Federal unemployment benefits kick in after jobless workers use up the aid their states provide (typically after 26 weeks). The benefits are available only in times of high unemployment, and the number of weeks an individual can claim them is tied to the state's unemployment rate. Job-seekers in three states are currently eligible for the maximum — 47 weeks, down from 63 weeks in 2011 — while those in every state but North Carolina are eligible for at least 14 weeks.

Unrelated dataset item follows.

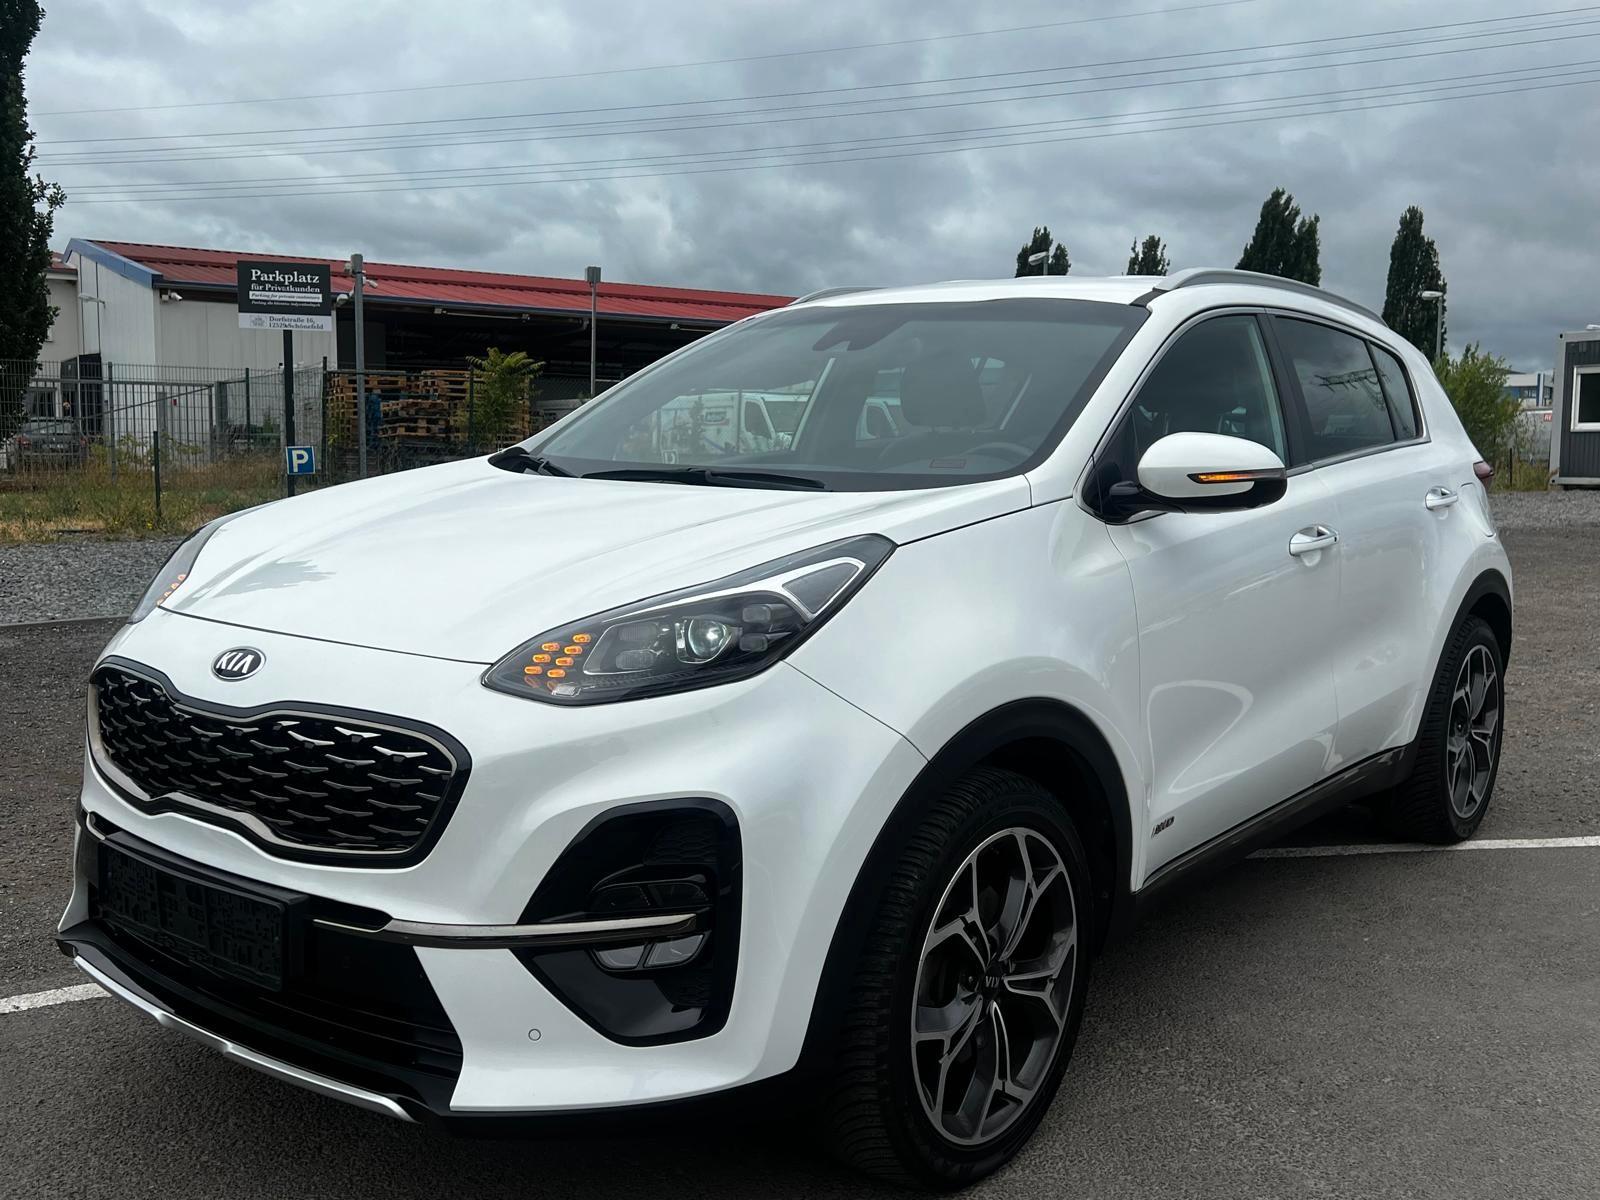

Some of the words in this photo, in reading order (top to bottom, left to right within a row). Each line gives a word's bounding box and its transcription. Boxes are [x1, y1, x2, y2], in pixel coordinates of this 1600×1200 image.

The point of the program is to provide a safety net for laid-off Americans and keep money flowing into the economy when payrolls are unusually low. But some critics argue that federal benefits exacerbate unemployment by reducing an idled worker's incentive to take whatever job is available. Although it's a popular theory among conservatives, researchers disagree on whether the benefits provided much of a disincentive during the current downturn. Nor is it a good thing for the economy when people give up their skills, training and experience to take a job flipping burgers or operating a cash register just because those are the only ones available. Such moves waste a lot of investment in human capital.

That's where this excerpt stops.